Targeting Epithelial Cell Migration to Accelerate Wound Healing

Successful wound healing requires the recruitment and migration of distinct cell types to the wound followed by re-epithelialization of the surface of injured tissue. Interventions that enhance the migration of effector cells to the site and temporally increase epithelialization can be clinically relevant. Cell attachment and adhesion molecules necessary for cell migration include all four members of the RIPP complex, consisting of the proteins Rsu1, Integrin Linked Kinase ILK, PINCH, and Parvin. The correct association of these proteins in a functional complex depends on their phosphorylation by serine threonine kinases of the protein kinase C PKC family and the process can be enhanced or inhibited by modulating the levels of the RIPP complex proteins as well by regulating their serine and threonine phosphorylation. Our data indicate that the expression of the RIPP proteins is required for migration of human keratinocyte cell line in vitro. In addition, the phosphorylation of RIPP proteins contributes to their association and complex formation.
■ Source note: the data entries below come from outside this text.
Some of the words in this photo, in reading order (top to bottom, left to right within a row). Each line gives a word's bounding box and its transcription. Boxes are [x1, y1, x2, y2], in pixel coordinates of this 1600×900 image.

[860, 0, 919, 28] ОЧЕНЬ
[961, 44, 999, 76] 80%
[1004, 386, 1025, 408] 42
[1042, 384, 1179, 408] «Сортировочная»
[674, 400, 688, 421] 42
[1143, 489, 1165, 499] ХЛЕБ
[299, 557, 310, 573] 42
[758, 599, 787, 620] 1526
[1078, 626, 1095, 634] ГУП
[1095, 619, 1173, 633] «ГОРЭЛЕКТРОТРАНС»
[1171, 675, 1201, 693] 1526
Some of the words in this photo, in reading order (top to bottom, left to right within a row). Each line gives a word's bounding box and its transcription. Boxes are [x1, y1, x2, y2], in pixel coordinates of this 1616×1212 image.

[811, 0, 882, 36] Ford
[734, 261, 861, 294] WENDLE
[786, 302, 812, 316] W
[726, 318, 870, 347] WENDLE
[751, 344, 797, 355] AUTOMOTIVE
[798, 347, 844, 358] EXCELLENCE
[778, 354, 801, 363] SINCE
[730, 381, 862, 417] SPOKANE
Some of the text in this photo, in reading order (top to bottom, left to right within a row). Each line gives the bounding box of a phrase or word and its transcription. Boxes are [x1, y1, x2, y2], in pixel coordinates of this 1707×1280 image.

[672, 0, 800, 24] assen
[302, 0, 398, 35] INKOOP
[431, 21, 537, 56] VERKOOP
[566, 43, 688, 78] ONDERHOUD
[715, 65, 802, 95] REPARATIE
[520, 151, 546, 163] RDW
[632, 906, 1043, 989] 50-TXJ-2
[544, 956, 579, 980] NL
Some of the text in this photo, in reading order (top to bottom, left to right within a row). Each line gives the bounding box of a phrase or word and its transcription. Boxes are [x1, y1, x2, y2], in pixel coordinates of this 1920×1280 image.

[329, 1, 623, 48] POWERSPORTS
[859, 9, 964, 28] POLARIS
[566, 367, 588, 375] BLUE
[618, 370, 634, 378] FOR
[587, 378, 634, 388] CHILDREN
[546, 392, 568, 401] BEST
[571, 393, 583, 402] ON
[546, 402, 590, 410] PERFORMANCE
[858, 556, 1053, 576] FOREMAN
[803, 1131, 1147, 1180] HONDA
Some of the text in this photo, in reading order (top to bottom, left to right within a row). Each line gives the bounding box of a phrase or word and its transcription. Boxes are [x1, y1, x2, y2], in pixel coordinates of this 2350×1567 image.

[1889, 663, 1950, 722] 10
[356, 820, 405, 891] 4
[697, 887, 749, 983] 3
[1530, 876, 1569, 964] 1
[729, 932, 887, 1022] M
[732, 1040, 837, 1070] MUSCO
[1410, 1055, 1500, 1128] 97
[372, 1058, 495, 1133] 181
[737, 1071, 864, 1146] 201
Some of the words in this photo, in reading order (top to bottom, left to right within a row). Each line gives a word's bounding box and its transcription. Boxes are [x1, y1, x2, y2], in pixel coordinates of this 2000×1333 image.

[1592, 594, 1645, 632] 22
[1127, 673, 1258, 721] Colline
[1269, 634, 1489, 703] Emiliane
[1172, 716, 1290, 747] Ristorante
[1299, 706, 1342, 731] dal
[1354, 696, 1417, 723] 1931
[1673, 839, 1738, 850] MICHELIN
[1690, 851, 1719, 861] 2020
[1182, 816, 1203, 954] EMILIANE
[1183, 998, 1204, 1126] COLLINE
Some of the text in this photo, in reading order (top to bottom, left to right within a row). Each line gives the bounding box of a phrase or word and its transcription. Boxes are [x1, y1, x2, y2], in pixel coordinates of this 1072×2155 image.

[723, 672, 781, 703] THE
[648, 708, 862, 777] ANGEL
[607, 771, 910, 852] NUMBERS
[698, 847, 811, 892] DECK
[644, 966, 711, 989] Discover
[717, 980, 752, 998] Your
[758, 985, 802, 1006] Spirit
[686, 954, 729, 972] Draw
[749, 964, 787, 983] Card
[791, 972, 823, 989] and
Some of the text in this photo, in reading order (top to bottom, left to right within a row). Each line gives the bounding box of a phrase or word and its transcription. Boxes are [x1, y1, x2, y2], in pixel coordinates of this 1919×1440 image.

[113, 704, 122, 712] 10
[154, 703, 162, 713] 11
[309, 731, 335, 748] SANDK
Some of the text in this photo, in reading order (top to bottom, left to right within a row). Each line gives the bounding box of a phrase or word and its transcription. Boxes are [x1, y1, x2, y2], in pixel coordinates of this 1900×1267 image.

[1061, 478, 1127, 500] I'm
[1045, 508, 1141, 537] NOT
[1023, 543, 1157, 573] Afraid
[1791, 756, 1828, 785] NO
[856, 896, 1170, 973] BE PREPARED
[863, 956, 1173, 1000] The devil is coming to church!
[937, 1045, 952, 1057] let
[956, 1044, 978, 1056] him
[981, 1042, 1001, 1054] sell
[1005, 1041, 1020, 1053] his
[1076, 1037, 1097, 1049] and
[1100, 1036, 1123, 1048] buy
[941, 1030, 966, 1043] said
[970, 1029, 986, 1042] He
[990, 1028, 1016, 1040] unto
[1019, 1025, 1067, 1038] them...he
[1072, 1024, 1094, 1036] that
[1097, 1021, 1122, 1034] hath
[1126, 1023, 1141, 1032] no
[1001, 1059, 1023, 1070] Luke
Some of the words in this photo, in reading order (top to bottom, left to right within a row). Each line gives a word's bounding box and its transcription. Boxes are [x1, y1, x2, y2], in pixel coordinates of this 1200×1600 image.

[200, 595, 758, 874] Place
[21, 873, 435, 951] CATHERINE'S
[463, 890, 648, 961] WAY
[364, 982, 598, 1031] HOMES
For Rsu1- the sites include serine 264 and 268. Formation of the RIPP complex depends on appropriate signals that derive from cell adhesion including from PKC pathway and, hence, the inhibition of PKC blocks Rsu1-PINCH1 association, PINCH1-ILK association, and cell migration. Depletion of RIPP proteins also results in activation of PKA signaling and consequent disruption of regulatory networks impacting integrin function and actin polymerization.